Why is Neil Young so good? He combines aspects of folk and rock that make him soft and melodic, yet rugged and hard. He balances extremes well, though he is best when he's in the middle. He is like the lovechild of Bob Dylan and Led Zeppelin, especially in his Crazy Horse days.



Play the mouth harp, if you want to take up an instrument and can't dedicate the time to the guitar.

Free Associative Post Postmodern Descriptions

 My friends are naming their dog Prince Chicken Sandwich Can't Be Asked Jackson and that's the condensed version. But this allows you to call the dog any of the above, or whatever the fuck you want.

So you can basically call anything you want, anything you want. Let me provide an example:

"Morning moved like a pearl-gray tide across the fields and up the hill-flanks, flowing rapidly down into the soluble dark." (Look Homeward, Angel, 144).

How great is that? Soluble means able to be dissolved, and yes dark is able to be dissolved. But you know this dude had this word shoot into his head and was like, "That dark is soluble. The morning is pearl-gray." And it was so.

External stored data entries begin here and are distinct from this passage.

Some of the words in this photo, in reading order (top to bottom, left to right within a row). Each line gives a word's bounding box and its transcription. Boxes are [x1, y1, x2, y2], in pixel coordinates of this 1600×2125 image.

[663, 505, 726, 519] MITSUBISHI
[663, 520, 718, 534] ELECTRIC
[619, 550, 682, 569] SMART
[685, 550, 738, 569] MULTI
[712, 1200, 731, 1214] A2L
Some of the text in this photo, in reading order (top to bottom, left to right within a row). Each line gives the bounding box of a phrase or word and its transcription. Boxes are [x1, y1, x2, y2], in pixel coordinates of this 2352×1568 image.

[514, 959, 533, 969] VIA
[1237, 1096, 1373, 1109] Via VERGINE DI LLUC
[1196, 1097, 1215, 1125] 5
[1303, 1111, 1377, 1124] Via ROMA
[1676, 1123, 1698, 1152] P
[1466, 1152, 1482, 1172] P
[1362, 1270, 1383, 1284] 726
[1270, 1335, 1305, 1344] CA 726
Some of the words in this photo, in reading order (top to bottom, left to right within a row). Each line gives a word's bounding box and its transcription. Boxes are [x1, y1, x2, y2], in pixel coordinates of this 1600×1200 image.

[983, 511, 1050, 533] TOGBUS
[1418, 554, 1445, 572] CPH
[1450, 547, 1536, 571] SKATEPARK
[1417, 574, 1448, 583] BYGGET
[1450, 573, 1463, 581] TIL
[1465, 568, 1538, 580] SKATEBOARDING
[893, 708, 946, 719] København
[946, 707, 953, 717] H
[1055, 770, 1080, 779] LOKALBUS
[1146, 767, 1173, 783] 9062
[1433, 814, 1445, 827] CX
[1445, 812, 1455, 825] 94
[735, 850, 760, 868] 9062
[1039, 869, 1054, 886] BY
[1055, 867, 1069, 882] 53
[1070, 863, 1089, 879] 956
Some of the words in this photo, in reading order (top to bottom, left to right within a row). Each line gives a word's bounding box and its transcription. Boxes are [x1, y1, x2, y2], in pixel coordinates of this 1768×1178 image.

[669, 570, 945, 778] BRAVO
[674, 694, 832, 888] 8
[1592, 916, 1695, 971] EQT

We've reached the height of postmodernism, when you can incorporate whatever you want to achieve absurdity or high seriousness. So if you want to describe your dog, the first thing that comes to mind is as good as any.

You can call the dawn whatever you want. Let's try. The orchid blue morning broke suddenly like a storm-washed crescent over the slop-bricked town. Pretty shitty, right? But at least you get a vague idea of what I'm talking about, the reality I'm trying to define. Outdo me, please. That is the beauty of this post postmodernism thing.